另外,python也提供了相应的包可以方便我们的bam 信息处理。
MAPQ 质量值
这个质量值和fastq 格式中的质量值的转化与表示方式一样,都是-10logP(P为错比概率)。它是衡量read 比对质量的一个重要指标。
CIGAR
又称“雪茄值”,全称为,Compact Idiosyncratic Gapped Alignment Report,它和flag 类似,也通过几个字符串,但表示了不同的read比对到参考序列的细节信息。CIGAR的标记字符有MIDNSHP=XB
这10个。
比如
167H134M
表示,比对这条read 的开头167bp被硬跳过了,且紧随其后的134bp比对上了参考序列。另外并非M就是完全匹配,其也包括某些单碱基错配。
其他信息
其他的还包括read 质量值,其实也就是囊括了fastq 文件的信息。有的时候fastq 文件也会存储为uBam(un-mapping BAM)文件,这其实也就是没有做过比对的BAM文件。

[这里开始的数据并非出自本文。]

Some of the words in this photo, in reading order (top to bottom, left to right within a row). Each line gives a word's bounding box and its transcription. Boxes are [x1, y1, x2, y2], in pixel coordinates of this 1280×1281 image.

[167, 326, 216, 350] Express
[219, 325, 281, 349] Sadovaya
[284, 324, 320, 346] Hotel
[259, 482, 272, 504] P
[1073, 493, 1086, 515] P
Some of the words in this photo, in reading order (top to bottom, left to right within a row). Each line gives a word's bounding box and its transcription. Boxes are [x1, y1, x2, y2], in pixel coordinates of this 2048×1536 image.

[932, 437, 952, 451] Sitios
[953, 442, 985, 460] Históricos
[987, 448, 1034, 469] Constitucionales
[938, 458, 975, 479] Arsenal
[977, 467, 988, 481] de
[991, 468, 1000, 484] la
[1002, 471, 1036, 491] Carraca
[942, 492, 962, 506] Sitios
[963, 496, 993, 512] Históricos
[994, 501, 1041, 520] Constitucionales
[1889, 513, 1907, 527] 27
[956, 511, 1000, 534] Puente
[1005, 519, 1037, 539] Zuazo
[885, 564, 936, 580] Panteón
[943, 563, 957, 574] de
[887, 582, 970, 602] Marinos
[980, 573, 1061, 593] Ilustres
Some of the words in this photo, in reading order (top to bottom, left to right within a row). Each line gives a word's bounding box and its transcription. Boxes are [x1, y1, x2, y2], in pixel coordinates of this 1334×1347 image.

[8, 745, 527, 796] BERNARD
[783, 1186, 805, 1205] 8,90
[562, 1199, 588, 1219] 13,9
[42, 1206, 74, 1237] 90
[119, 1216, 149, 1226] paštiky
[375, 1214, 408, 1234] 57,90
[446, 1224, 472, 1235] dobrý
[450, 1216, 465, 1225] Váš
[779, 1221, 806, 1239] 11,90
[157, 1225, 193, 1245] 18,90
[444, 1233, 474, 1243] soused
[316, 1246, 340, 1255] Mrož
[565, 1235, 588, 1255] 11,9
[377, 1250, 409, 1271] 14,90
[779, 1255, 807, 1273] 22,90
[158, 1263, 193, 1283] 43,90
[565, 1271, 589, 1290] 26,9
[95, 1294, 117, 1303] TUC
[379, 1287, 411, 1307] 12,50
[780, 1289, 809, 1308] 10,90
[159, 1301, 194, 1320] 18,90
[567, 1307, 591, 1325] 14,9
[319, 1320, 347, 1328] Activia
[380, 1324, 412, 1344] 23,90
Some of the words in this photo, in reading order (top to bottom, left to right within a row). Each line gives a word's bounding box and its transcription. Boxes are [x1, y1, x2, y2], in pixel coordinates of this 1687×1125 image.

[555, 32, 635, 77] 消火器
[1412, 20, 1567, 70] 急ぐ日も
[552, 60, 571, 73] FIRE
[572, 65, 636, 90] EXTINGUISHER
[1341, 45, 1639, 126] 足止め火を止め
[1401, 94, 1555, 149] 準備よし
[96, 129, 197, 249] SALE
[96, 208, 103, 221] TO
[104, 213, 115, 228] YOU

另外,除了前11列信息之外,metadata 的内容是不固定的。这点和不同的处理软件输出内容不同也有一定关系。
可视化查看
之前提到,bam 与sam 不同,它是一种压缩后的二进制文件,因此需要使用samtools view进行查看。
此外我们还可以提取指定的某段序列的信息。
samtools view -h E_coli_K12.bam NC_000913.3:1000000-1000200
如果想要可视化,可以使用tview
指令。这是samtools 自带的终端工具。
samtools tview --reference in.fa in.bam
在该模式,键盘输入g
,就可以调整到对应位置。具体信息可以通过输入?
查看。
使用IGV可视化比对结果
将.bam 文件导入后,就可以可视化查看相关的比对结果。